EXERCISE DIRECTIONS » Copy all entries without alteration and skip the pictures they hold.
——
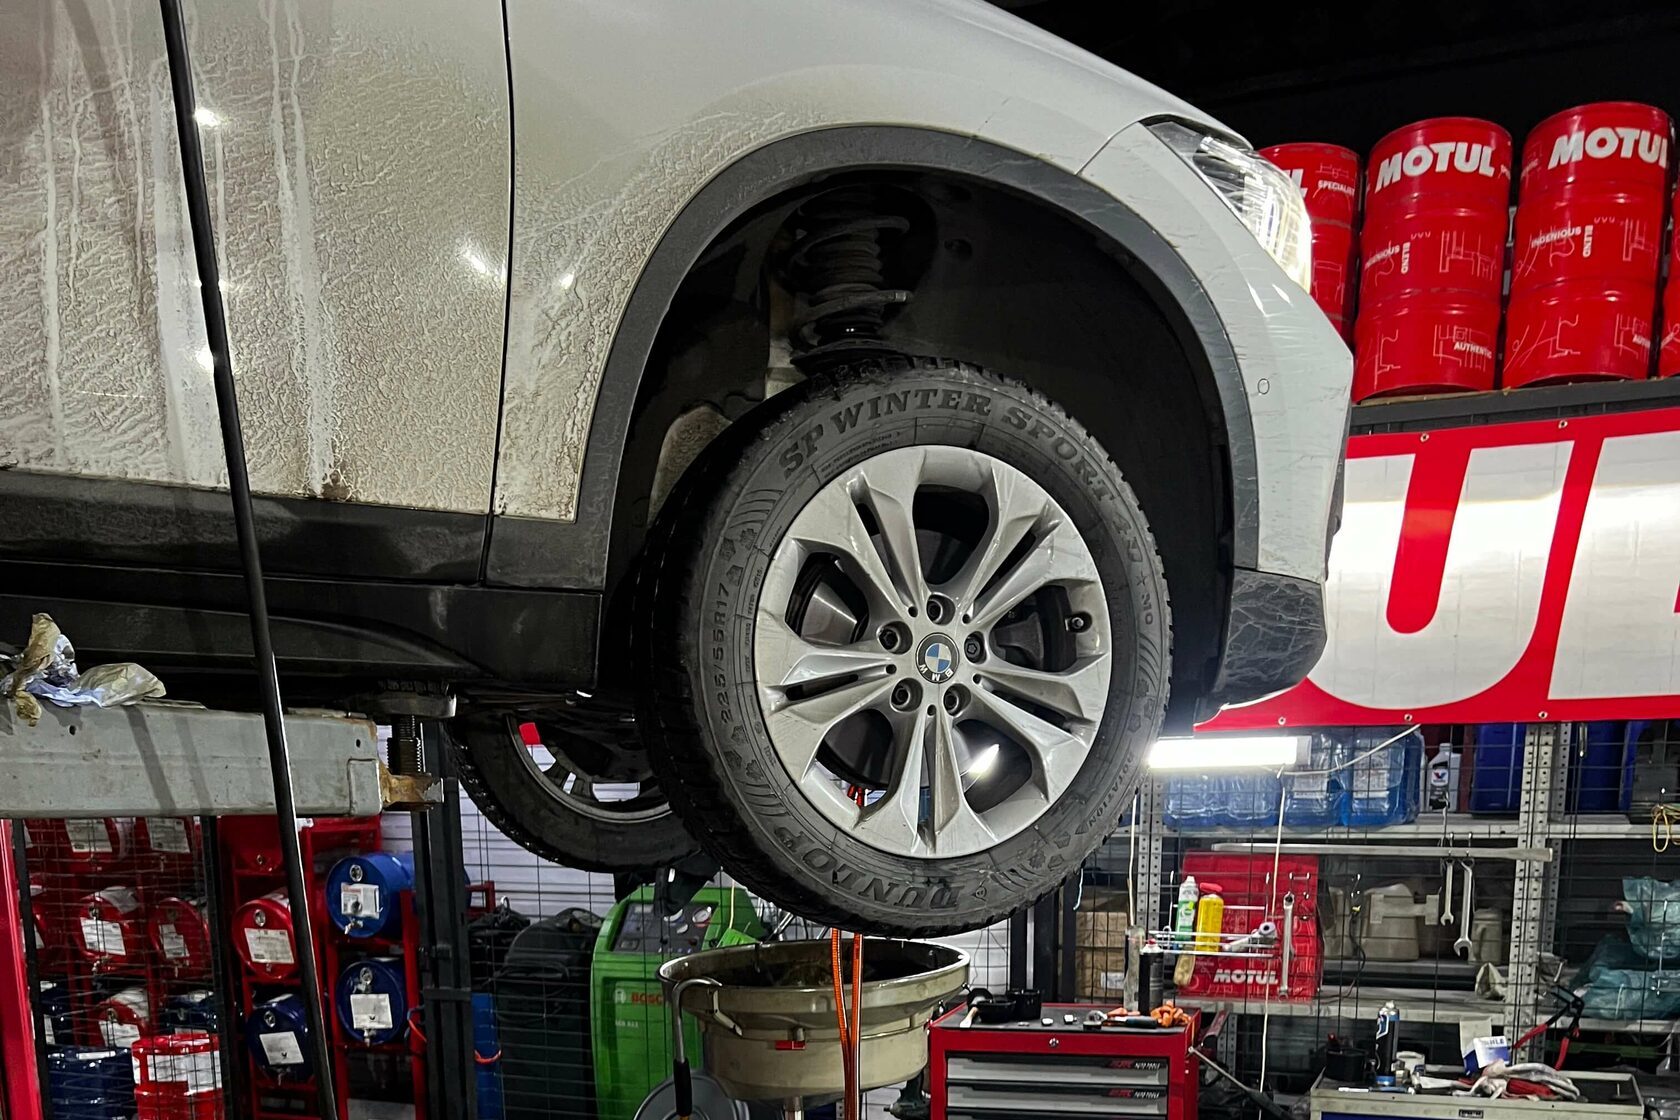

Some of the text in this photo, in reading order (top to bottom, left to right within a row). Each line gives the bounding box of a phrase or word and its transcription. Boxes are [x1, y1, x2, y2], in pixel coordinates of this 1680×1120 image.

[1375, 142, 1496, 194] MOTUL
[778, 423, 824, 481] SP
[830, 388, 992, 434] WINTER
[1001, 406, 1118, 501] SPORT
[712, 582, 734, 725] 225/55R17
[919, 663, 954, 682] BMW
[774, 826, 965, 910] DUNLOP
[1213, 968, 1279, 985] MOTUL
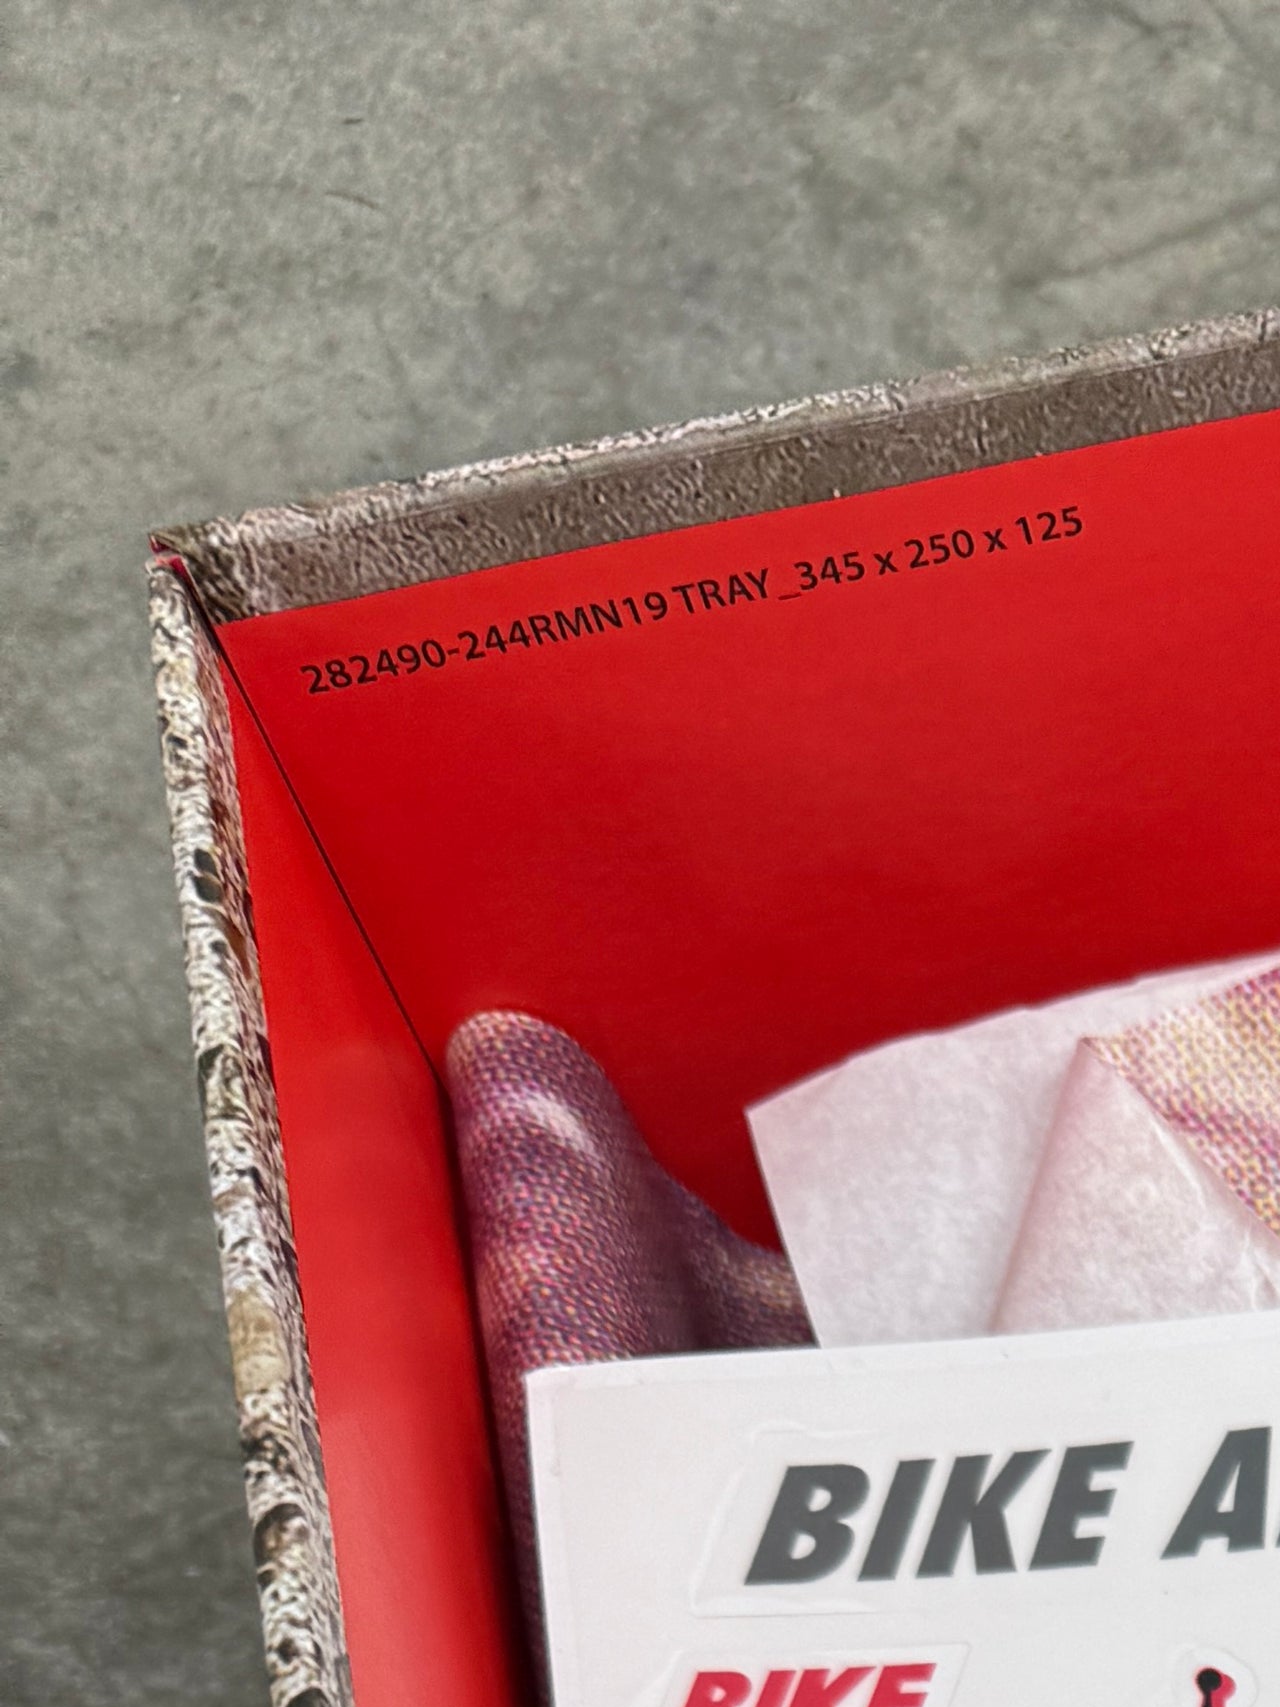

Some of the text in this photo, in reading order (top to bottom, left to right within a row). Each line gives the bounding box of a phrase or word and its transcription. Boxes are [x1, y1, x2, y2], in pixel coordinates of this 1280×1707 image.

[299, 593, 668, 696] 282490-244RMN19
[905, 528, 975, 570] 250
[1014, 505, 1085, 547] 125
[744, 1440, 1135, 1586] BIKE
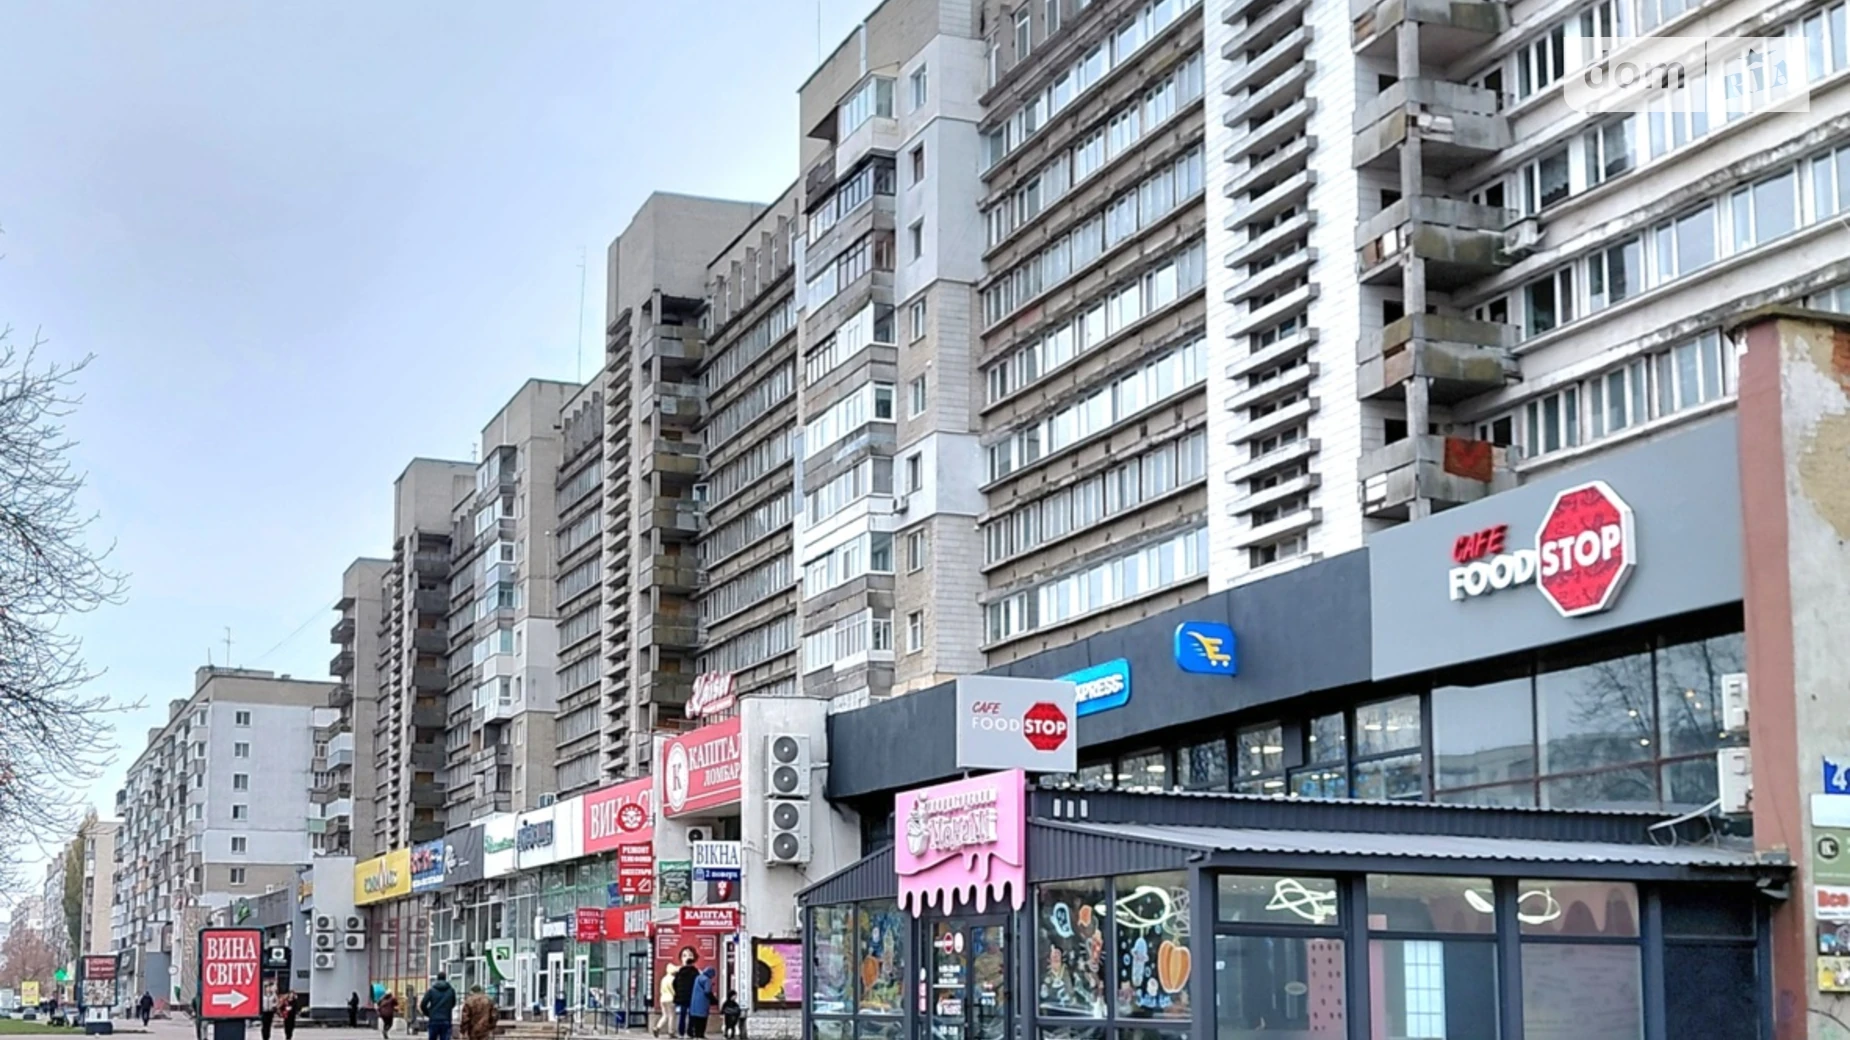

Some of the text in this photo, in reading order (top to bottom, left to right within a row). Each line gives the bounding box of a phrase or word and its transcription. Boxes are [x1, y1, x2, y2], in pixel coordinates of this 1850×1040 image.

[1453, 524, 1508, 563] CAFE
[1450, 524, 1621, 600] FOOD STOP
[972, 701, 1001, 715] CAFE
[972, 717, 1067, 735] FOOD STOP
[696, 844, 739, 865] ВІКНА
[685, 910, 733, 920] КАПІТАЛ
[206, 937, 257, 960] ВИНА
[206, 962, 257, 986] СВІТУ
——
EXERCISE RESPONSE »
Some of the text in this photo, in reading order (top to bottom, left to right within a row). Each line gives the bounding box of a phrase or word and its transcription. Boxes are [x1, y1, x2, y2], in pixel coordinates of this 1680×1120 image.

[1375, 142, 1496, 194] MOTUL
[778, 423, 824, 481] SP
[830, 388, 992, 434] WINTER
[1001, 406, 1118, 501] SPORT
[712, 582, 734, 725] 225/55R17
[919, 663, 954, 682] BMW
[774, 826, 965, 910] DUNLOP
[1213, 968, 1279, 985] MOTUL

Some of the text in this photo, in reading order (top to bottom, left to right within a row). Each line gives the bounding box of a phrase or word and its transcription. Boxes are [x1, y1, x2, y2], in pixel coordinates of this 1280×1707 image.

[299, 593, 668, 696] 282490-244RMN19
[905, 528, 975, 570] 250
[1014, 505, 1085, 547] 125
[744, 1440, 1135, 1586] BIKE

Some of the text in this photo, in reading order (top to bottom, left to right within a row). Each line gives the bounding box of a phrase or word and its transcription. Boxes are [x1, y1, x2, y2], in pixel coordinates of this 1850×1040 image.

[1453, 524, 1508, 563] CAFE
[1450, 524, 1621, 600] FOOD STOP
[972, 701, 1001, 715] CAFE
[972, 717, 1067, 735] FOOD STOP
[696, 844, 739, 865] ВІКНА
[685, 910, 733, 920] КАПІТАЛ
[206, 937, 257, 960] ВИНА
[206, 962, 257, 986] СВІТУ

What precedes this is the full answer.